Every interview of a writer pretty reliably includes the question Where do you get your ideas?
Stewing on that the other day, my initial reaction was that my life was too boring to have any fodder for writing. And then I remembered This One Guy.
This One Guy
I knew him intimately; we saw each other daily for more than 15 years until a move and a few other important things separated us. We talked about everything, disagreeing on nearly everything of substance. But, since we had to put up with each other – and the relationship was not without benefits – we kept trying to convince each other year after year.
Long and short: we were an odd couple, but we were deeply connected friends.
I can confidently tell you that This One Guy believed in the American Dream, believed in meritocracy, believed that people basically got what they deserved. Whiners were weak and lazy, undeserving. Unlike a guy like him, who worked for everything he ever got.
And if you don’t believe his version of the simple facts of life – Barack Obama! Or Helen Keller! Or Some Other Exceptional Person!
They did it; anyone else could too if they would just buckle down and put their mind to it.
And then one day, This One Guy gets sent home, accused of embezzlement. To this day, I firmly believe that he was being framed, and if it hadn’t been for the efforts of the people who loved him, he would have been prosecuted.
I admit that I wondered at first whether I had missed some striking character flaw, but the amount taken made me laugh and convinced me of his innocence.
That much extra money, not subject to his wife’s approval?
Nope – I’d spent too much time on his boat to believe he had a few tens of thousands of bucks just gathering dust. That money’d have been hanging off his transom and bolted into the cockpit as a motor and electronics.
I have my theories about why This One Guy was targeted for a fall – the woman who actually did it was caught literally red-handed and kept her job, at least for a while – but the salient point here is that finding himself unfairly unemployed, accused, and without prospects nearly destroyed him.
At one point, he told me that while being questioned by police, seeing the evidence against him, he had the thought “that’s it, I must have done it” even though he knew himself to be completely innocent.
Recognize the story
As I sit here this afternoon, thinking about my one-time friend and all of the parts of this that I haven’t told you, I see so many threads that could be woven into something real.
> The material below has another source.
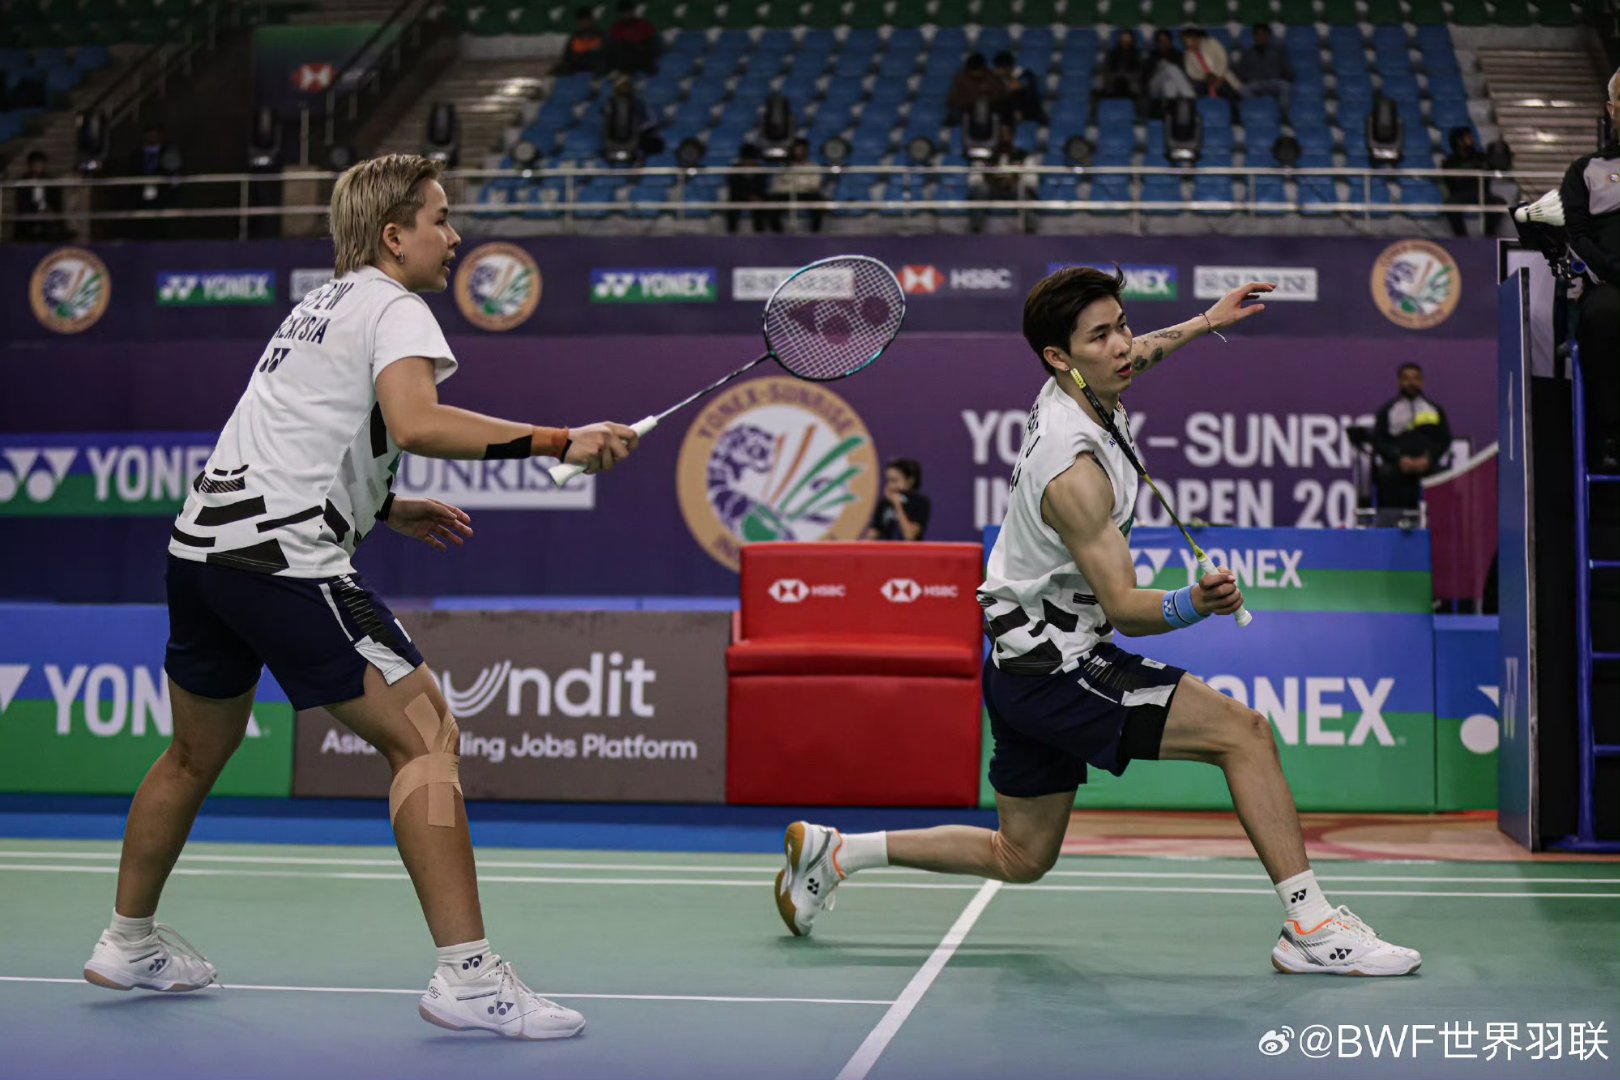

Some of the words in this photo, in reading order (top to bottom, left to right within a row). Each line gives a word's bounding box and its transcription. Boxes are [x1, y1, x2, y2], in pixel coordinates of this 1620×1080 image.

Another writer could mine this open pit for years, I suspect, but I don’t want to write any of those stories.
That episode hurt me, too, and that wound is staying scabbed over.
It has been … maybe 5 years since I lost touch, and none of that occurred to me as potential story-fodder before now.
Admitting to myself that it could be has answered two questions: where I could get my story ideas and why I don’t want to write a memoir.